There are certain times in the market when being small plays to your advantage. Not only can your business be quick and nimble but it can pivot more precisely to counter market change. The best part of being small is that you become valuable to select investors. Small business is seen to be less of a massive outlay than the investment required for medium to large scale companies. A new business model in a promising industry, that’s when the odds swing in your favour. The type of investors who are looking to make significant gains off small business are the ones who see value in new ideas. These are generally the investors who have imagination and who are not deterred by risk. They play their odds at hedging bets that are finely tuned in your favour, as they have identified the value in you and your business. Capital for equity is usually the trade-off at this early stage but giving away stake to attract the right fit capital can be a recipe for success or disaster. The disaster can hit when you find that you have given away too much equity for too little investment or when the equity partner begins to steer your business model on a path that is different from the intended direction. As “Ray Dalio” suggests, you should live up to your principles as well as the laws of the organisation you have created. You can compromise on the intermediate gameplan but not on the end goal. If your initial plan for the business was not on point or certain circumstances arose that forced you to relook at the company, then this is the time to pivot and maneuver into a more favourable position. Once you have substance in your business model, then the value will be created around it.
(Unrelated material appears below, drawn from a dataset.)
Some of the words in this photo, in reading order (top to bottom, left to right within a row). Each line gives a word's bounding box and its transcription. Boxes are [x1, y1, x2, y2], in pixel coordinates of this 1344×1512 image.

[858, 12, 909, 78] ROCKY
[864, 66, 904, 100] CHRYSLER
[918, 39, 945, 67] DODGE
To attract investment, all you have to do is think like an investor. What would entice an investor to take the risk on you and your organisation? Would you invest in yourself if all you had to go by was your pitch and presentation? Many factors at work culminate to a quick yes, or a no but the deeper understanding is that you should continue to learn from either response. Why did I get a yes or why did I get a no? All investors are different, but they all expect a payback on their investment at some stage. Increased performance, market share expansion or industry expansion, can be the more direct identifiers of growth or investment return along with the profits. However, if investors can’t see the path to the desired gain, then you are bound to receive a no. Alternative investors seek returns from the greater good of society and the improvement of earth health. So what makes a small company investable? Is it the ingenuity and creativity within the business, is it the people or is it the vision and direction that the industry is heading that makes it appealing? Could it be all of the above? The outcome will probably contain a mix of all of the above as every piece of the puzzle turns into a complete picture.
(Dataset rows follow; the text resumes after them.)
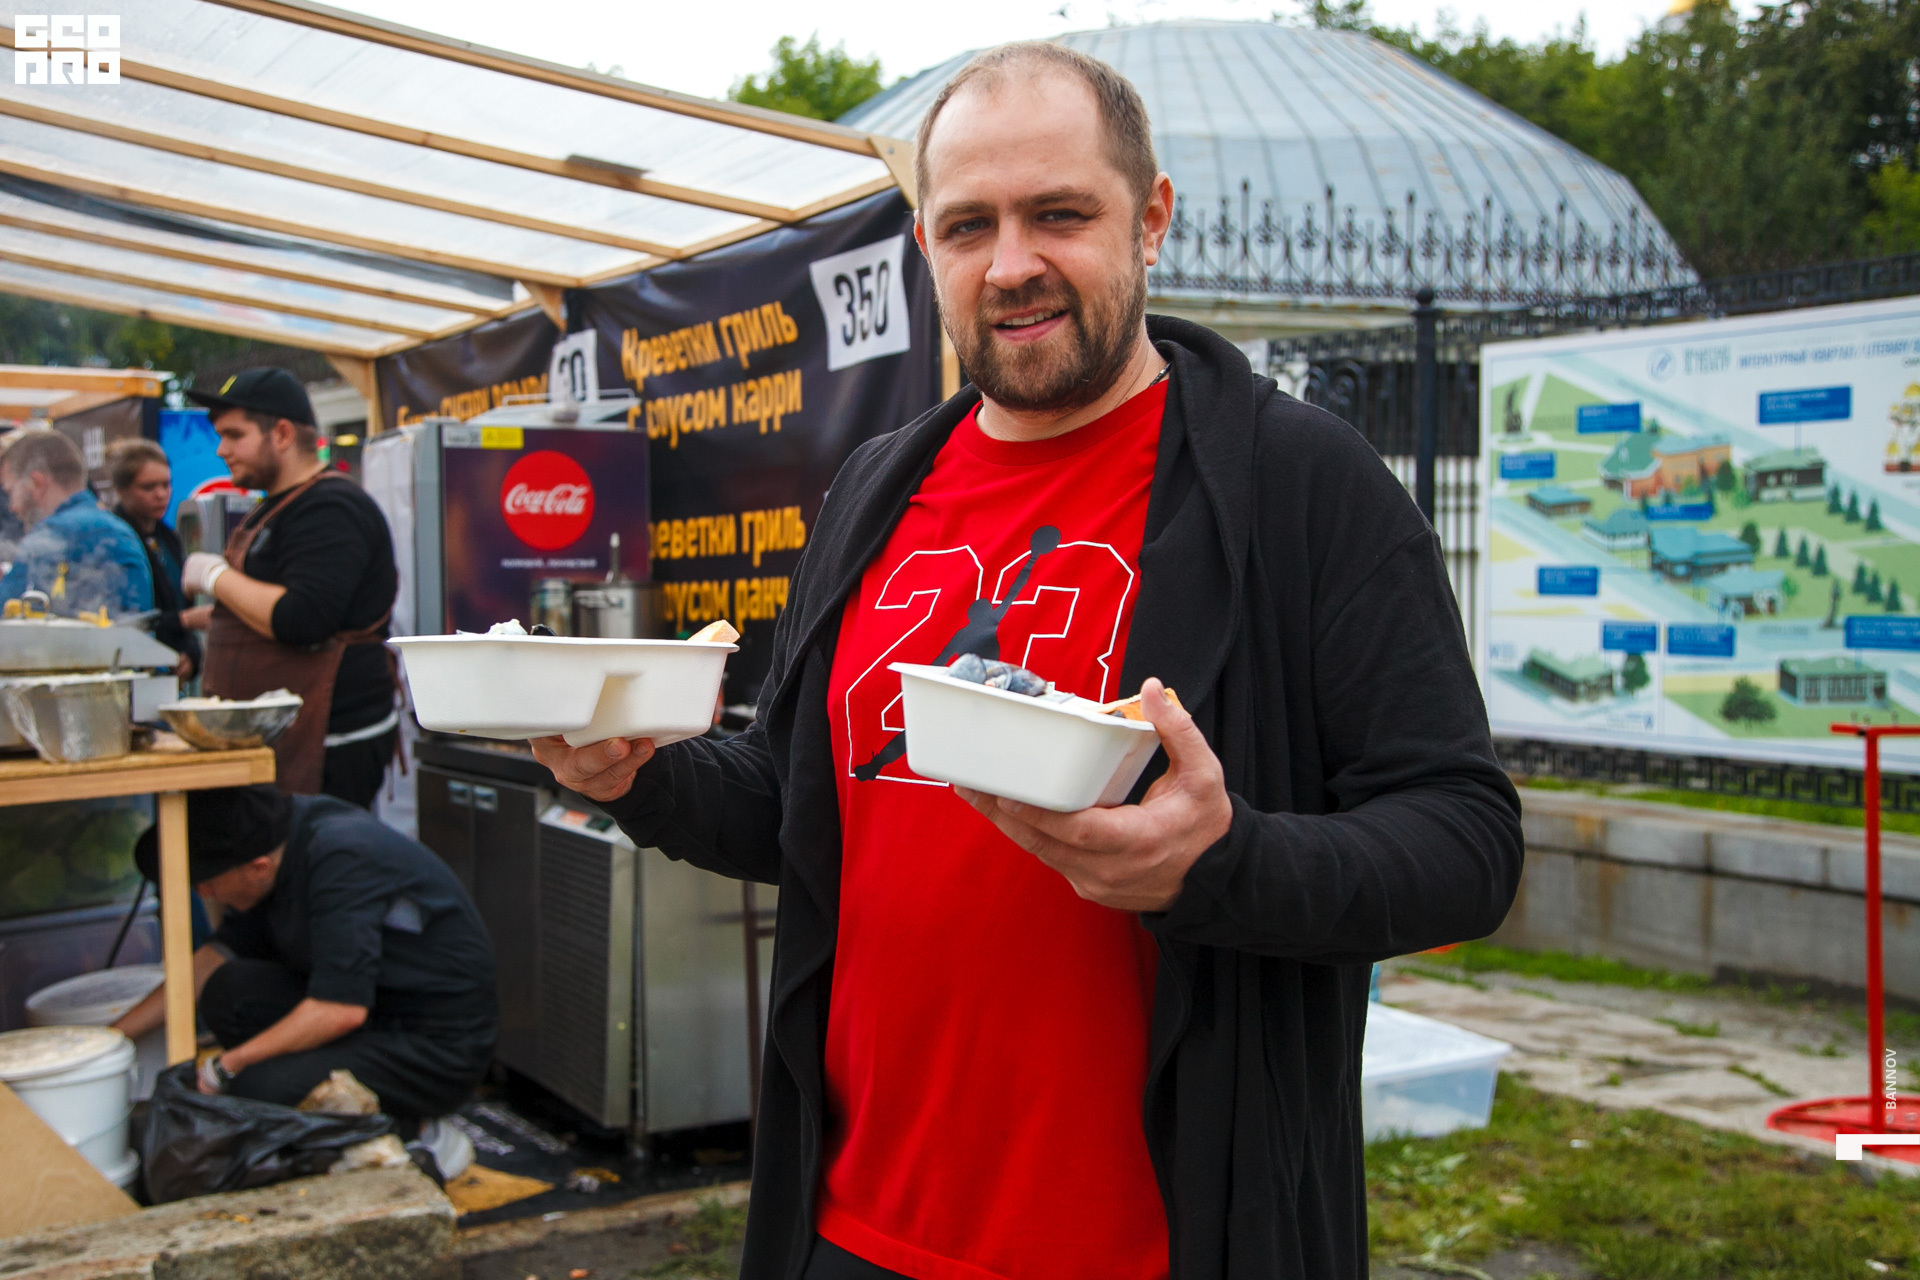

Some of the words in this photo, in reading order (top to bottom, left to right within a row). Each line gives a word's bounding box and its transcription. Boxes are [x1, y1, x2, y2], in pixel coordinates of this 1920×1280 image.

[833, 259, 889, 346] 350
[621, 321, 722, 393] Креветки
[718, 300, 799, 371] гриль
[731, 368, 802, 435] карри
[504, 482, 591, 515] Coca-Cola
[741, 505, 807, 568] гриль
[847, 540, 1134, 786] 23
On a much larger scale investment banks have whole teams to analyse big stocks like Apple, Amazon, Google and Tesla, for example. Odds are they are going to get those valuations right because they are so focused on the gains in between, so you will not have an edge in these calculations. Whereas when your business is still small, you are bound to be off the radar. You will only get noticed by deep seekers or when you begin to market in a space that has an audience tailored to your desired outcomes. My advice is to be prepared to be visible, and have a game plan that works in the limelight otherwise wait it out until you are more prepared especially if you have something of extreme value but are not quite sure of how to position it into the market.

The best way to prove your worth as a new business is to have a positioning strategy that aligns the core of your business to the objectives methodically. You can utilise this strategy when innovating in new markets to scale your business or you can identify new ways of doing things to improve efficiencies in diverse markets. There is a market for almost everything; the hard part is locating it. You could partner with companies who possess what you lack as long as there is no conflict of interest and the outcomes benefit both ends of the deal. The cost of business could be shared too if you were able to identify and align the perfect brand partner or partners.
Entrepreneurs often ask so when do I need to pivot or when do I seek to get noticed by the bigger players to attract a viable growth partner or position for acquisition? The answers differ according to the business model, the environment, the entrepreneur, the changes in the economy, the capital on hand, the longevity of the model and the uptake of the product or service. However, there is always a way to navigate forward the only variants are creativity and time.